I thought it was an early xmas present:whistling2:


----------



## jo (Jun 29, 2006)

I know what it is............... ner ner ner ner nerrrrrrrrrrrrrr

Im so jealous too!!!

Wish Santa would visit me early:lol2:


----------



## adamntitch (Jun 17, 2007)

i know 2 :2thumb:


----------



## astrid peth (Jul 9, 2008)

i wanna know...


----------



## ditta (Sep 18, 2006)

ok folks here is a little clue.........i have just paid for this pressie and there wasnt a lot of change from £lots of money :lol2::lol2:


----------



## ichis-mom (May 25, 2008)

i know and i cant wait till next year na na nah na na


----------



## astrid peth (Jul 9, 2008)

APH? Meerkats? Sugar Gliders?


----------



## Shell195 (May 31, 2007)

:hmm: Do you get a lifetime of vallium with this??


----------



## xXFooFooLaFluffXx (Aug 4, 2007)

wohic said:


> not read through but I am guessing that its a skunk .
> 
> happy birthday for sunday :flrt:


thanks juia.....but my birthday is in feb :lol2:

tis my christmas present

ill put you all out your misery shall i, its a




































pair of socks!


----------



## xXFooFooLaFluffXx (Aug 4, 2007)

astrid peth said:


> APH? Meerkats? Sugar Gliders?


 
already got them, nope but want somen nope ditta wont let me have any suggies


----------



## Amalthea (Oct 2, 2007)

Pair of socks, eh... Could those socks be attached to a horse?


----------



## astrid peth (Jul 9, 2008)

xXFooFooLaFluffXx said:


> already got them, nope but want somen nope ditta wont let me have any suggies


i'm looking at getting an APH, any suggestions? aww, suggies are well cute!!!


----------



## xXFooFooLaFluffXx (Aug 4, 2007)

astrid peth said:


> i'm looking at getting an APH, any suggestions? aww, suggies are well cute!!!

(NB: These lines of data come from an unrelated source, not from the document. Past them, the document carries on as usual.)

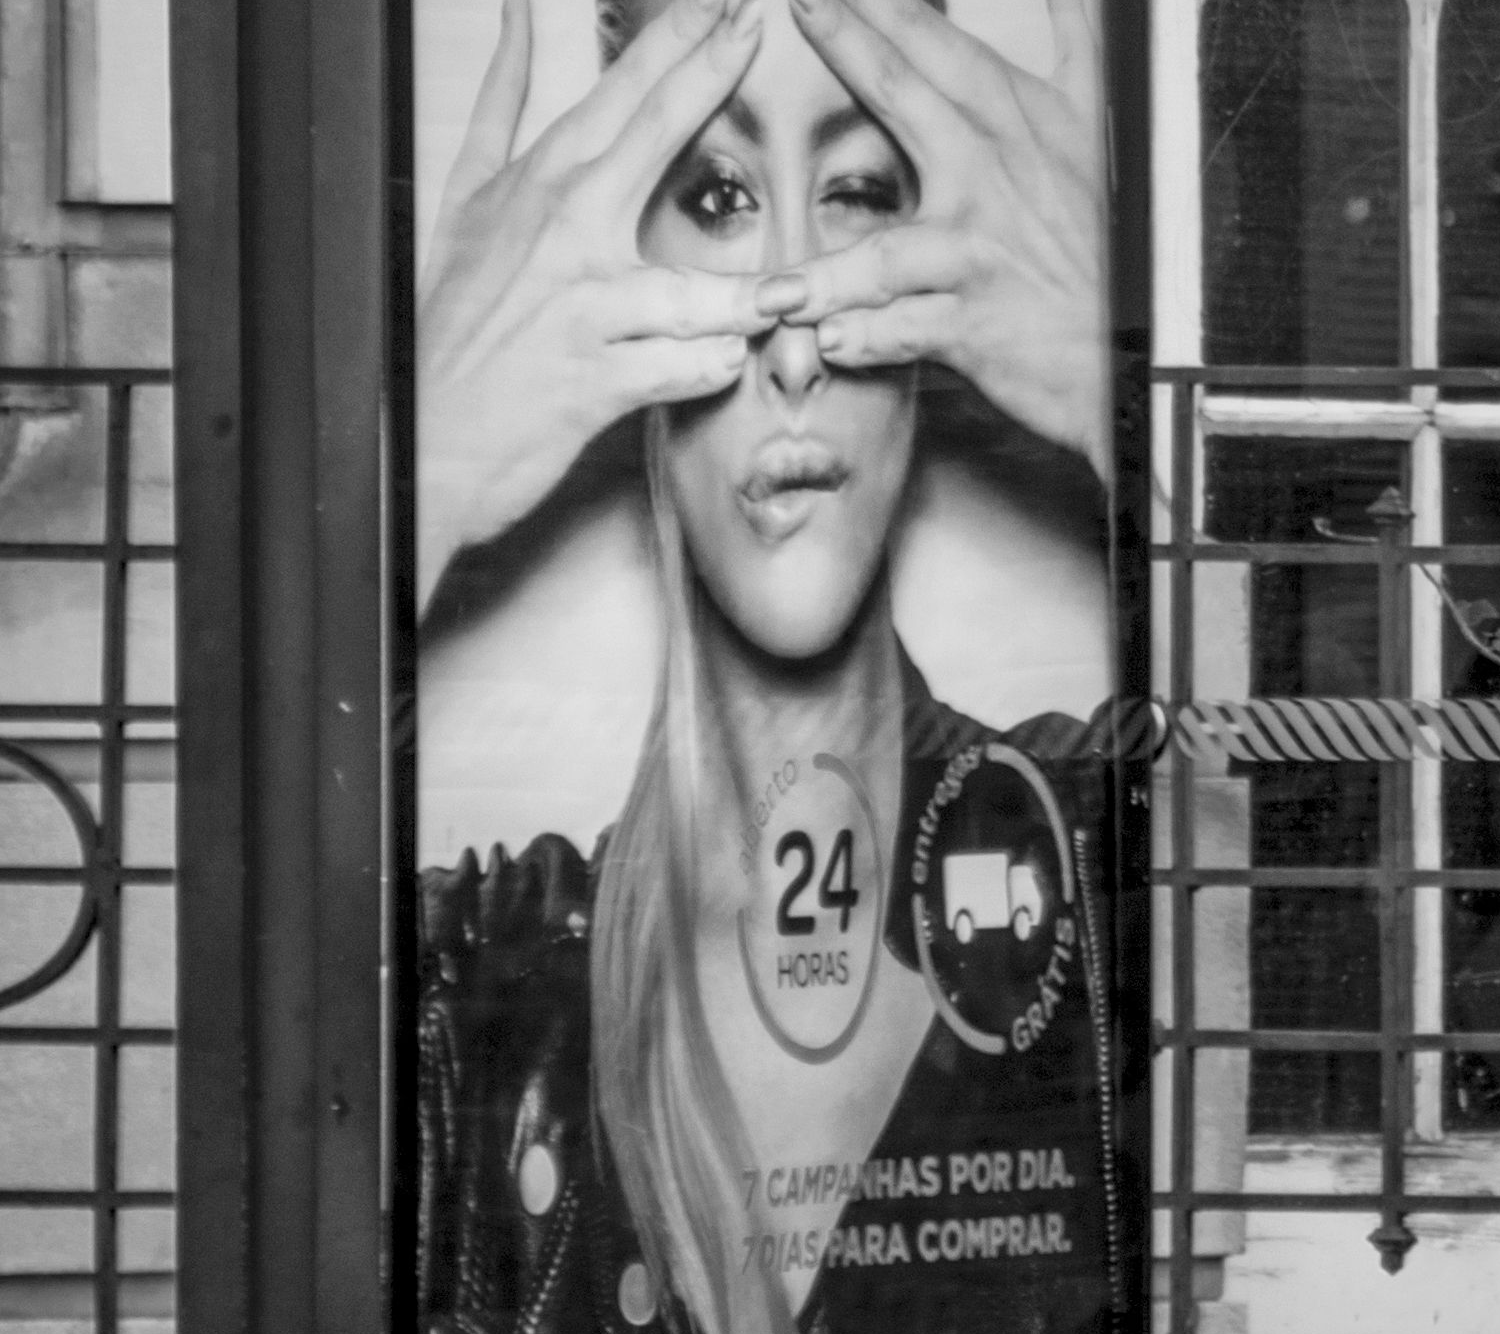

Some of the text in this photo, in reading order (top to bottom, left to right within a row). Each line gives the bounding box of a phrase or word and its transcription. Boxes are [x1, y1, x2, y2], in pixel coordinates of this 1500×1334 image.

[774, 828, 859, 937] 24
[776, 951, 850, 990] HORAS
[766, 1155, 943, 1208] CAMPANHAS
[949, 1150, 1013, 1195] POR
[757, 1229, 821, 1274] DIAS
[826, 1223, 912, 1269] PARA

we breed aph's! get an aph!!!! hope we got some preggy femaes atm, tis a waitin game now!


----------



## astrid peth (Jul 9, 2008)

sent you a PM


----------



## xXFooFooLaFluffXx (Aug 4, 2007)

replied to


----------



## xXFooFooLaFluffXx (Aug 4, 2007)

two days to go! whooooppppeeeeeeeeeeee :flrt::flrt::flrt:


----------



## farmercoope (Aug 19, 2008)

im actually intregued now, off to find out what it is! haha


----------



## Lucy_ (Jul 9, 2008)

i no i no!! awww soo exciting! bet you cant wait!


----------



## freekygeeky (May 25, 2007)

tell me... im goign crazy!!


----------



## farmercoope (Aug 19, 2008)

oooo, i dont know! haha


----------



## Twiisted (Mar 15, 2008)

I want to knoooooooooooooooooooow!

Its not another stuffed toy skunk is it?


----------



## Shell195 (May 31, 2007)

Me thinks its a real one :lol2:


----------



## Esarosa (Jul 13, 2007)

Hmmmm I'm guessing it's the adult descented castrated albino male skunk that Nerys mentioned on the skunks for sale thread. 

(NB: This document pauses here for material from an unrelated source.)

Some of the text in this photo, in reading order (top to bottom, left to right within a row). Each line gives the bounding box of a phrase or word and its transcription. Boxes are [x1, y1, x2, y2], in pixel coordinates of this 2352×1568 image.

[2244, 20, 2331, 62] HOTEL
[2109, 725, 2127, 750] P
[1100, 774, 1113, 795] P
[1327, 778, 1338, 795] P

If not that then another skunk? Dunno tbh but just guessing.


----------



## Twiisted (Mar 15, 2008)

Ahh kewlies.. Ur so lucky 

My bf has said a definate NO to skunks... But then i dont think my dogs would be very happy anyways..

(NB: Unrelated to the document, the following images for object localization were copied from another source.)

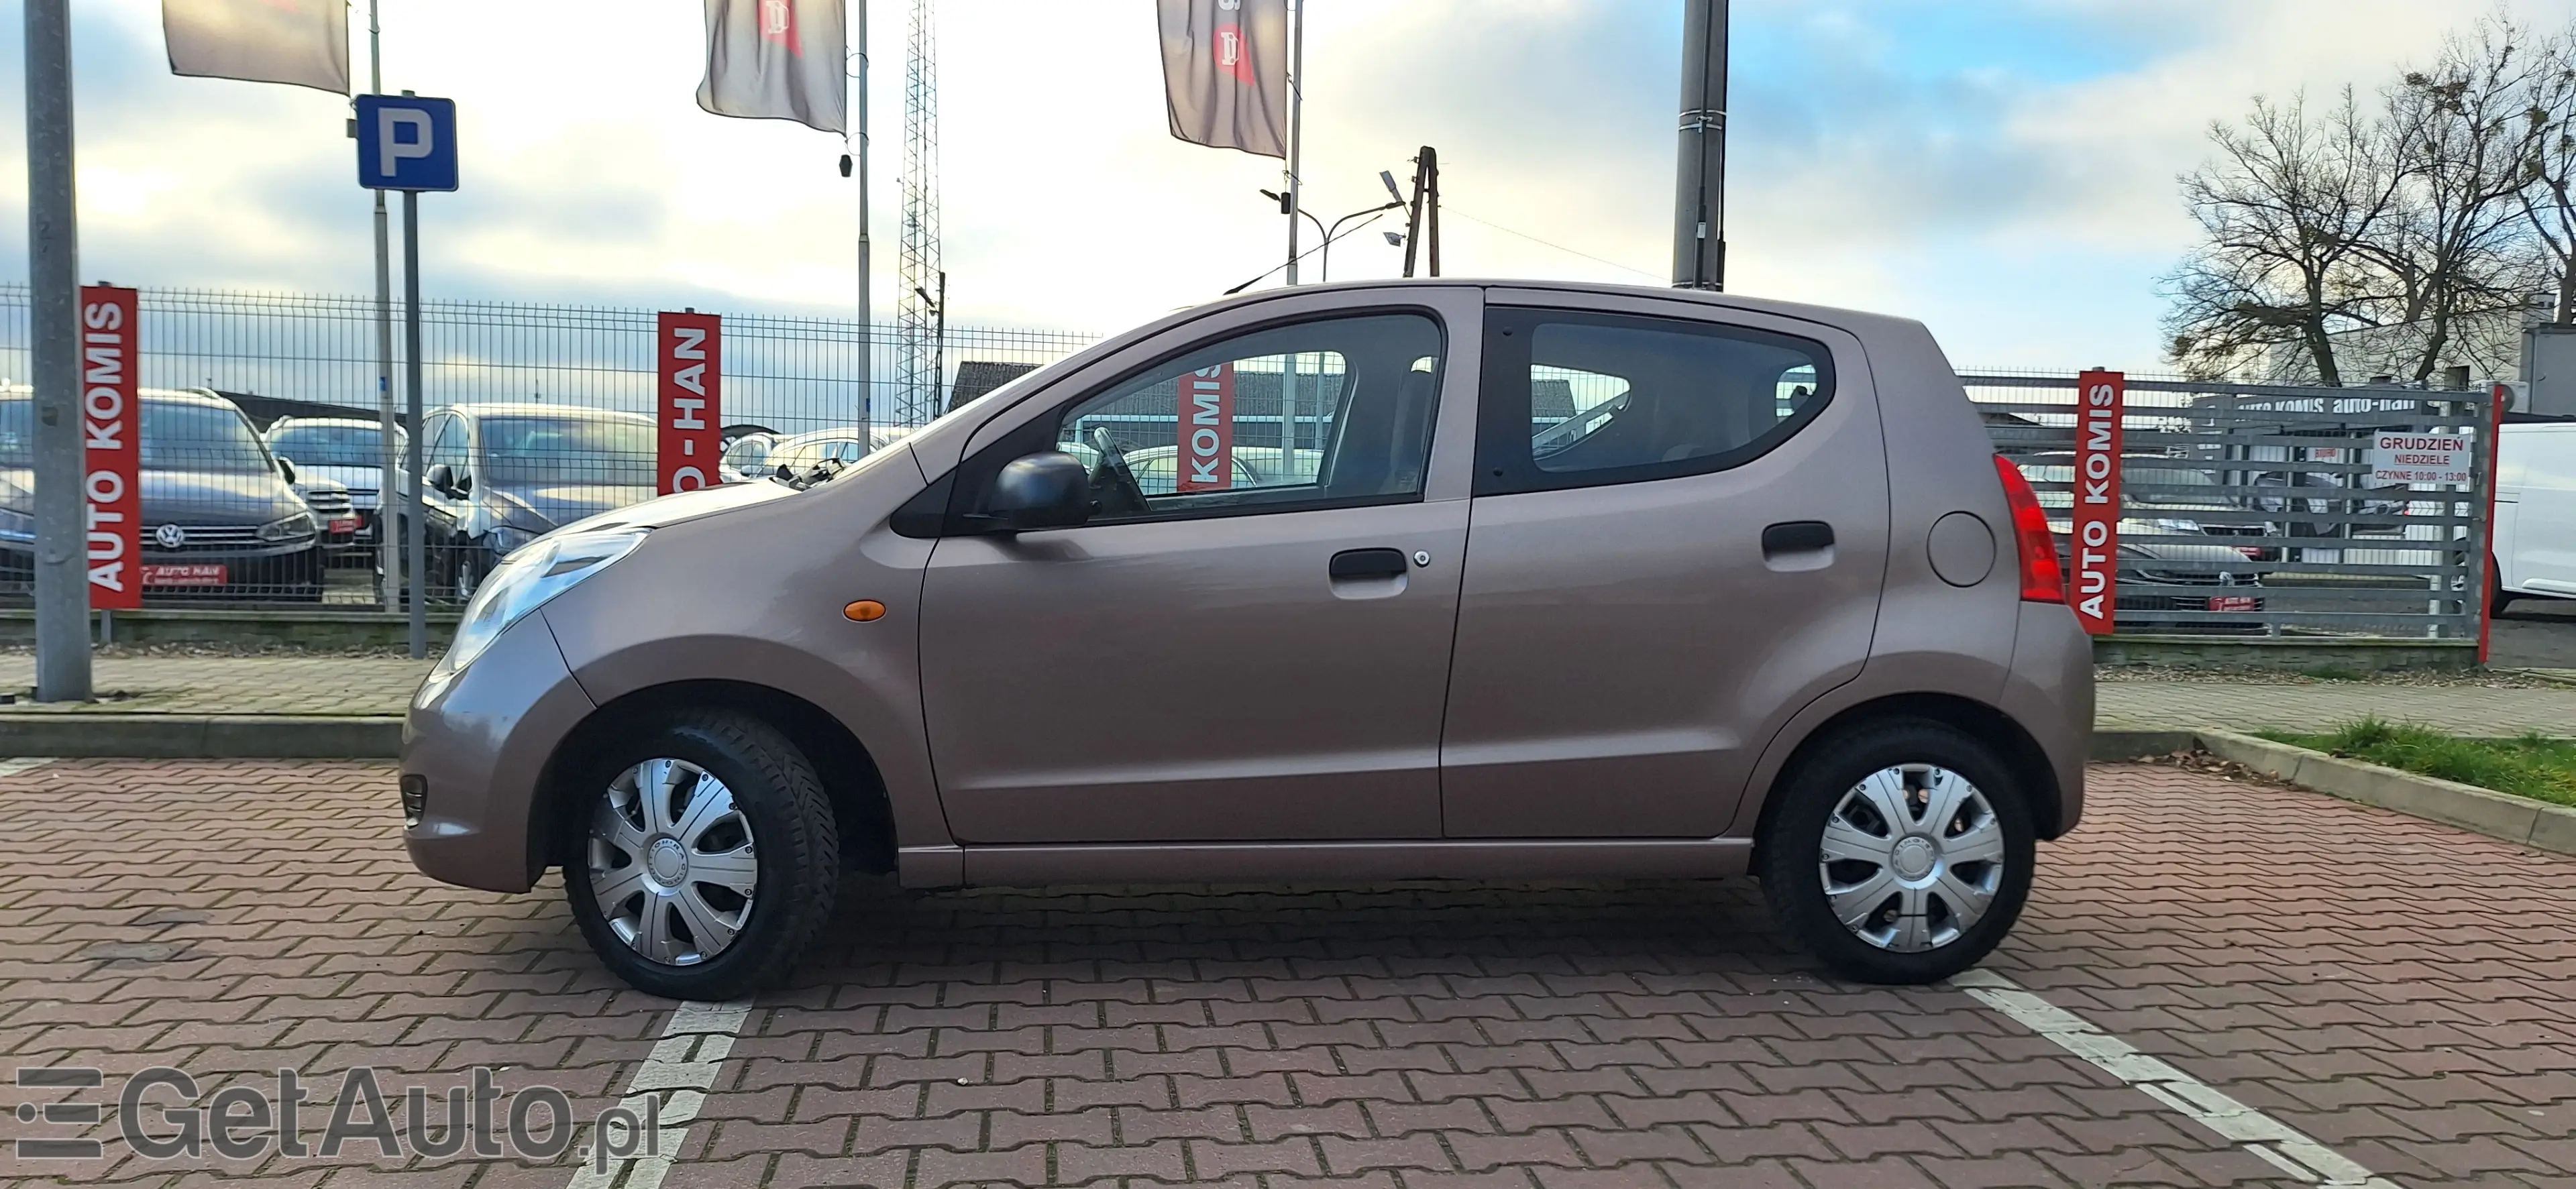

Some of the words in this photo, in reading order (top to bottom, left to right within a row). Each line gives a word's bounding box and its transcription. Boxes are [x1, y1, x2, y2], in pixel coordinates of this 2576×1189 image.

[378, 107, 433, 176] P
[85, 301, 123, 450] KOMIS
[2085, 384, 2114, 504] KOMIS
[2375, 470, 2412, 481] CZYNNE
[2415, 471, 2436, 482] 10:00
[2445, 472, 2467, 482] 13:00
[2380, 436, 2464, 451] GRUDZIEŃ
[2394, 454, 2451, 465] NIEDZIELE
[87, 471, 124, 592] AUTO
[2080, 520, 2108, 619] AUTO

Cant wait to find out what it is


----------



## purpleskyes (Oct 15, 2007)

My OH has said I can have one when we own our own place which will probably be never because houses are so expensive and the stupid cerdit crunch:bash:


----------



## xXFooFooLaFluffXx (Aug 4, 2007)

no it aint the albino skunk nerys has advertised. As much as i like emmas little bino boy i dont think albino skunks look like skunks, so it isnt that, i not tellin you til sunday! not long to go now~! :mf_dribble:


----------



## fenwoman (Apr 15, 2008)

I guess:

1/ Some really nice wallpaper as you were dead jealous when you saw mine.
or
2/ a fire eggstingwidger

am I right?:2thumb:


----------



## xXFooFooLaFluffXx (Aug 4, 2007)

fenwoman said:


> I guess:
> 
> 1/ Some really nice wallpaper as you were dead jealous when you saw mine.
> or
> ...


nope i dont want wallpaper like yours, as lovely as it is  cos if i wanna make myself vomit ill just spin round in circles for a bit instead, and nope to a fire extinguisher either, no point havin one AFTER you've had a fire is there? :lol2: though a spell checker might come in handy for you though :Na_Na_Na_Na:


----------



## Esarosa (Jul 13, 2007)

Hmm if it aint the albino from nerys is it the chocolate one? 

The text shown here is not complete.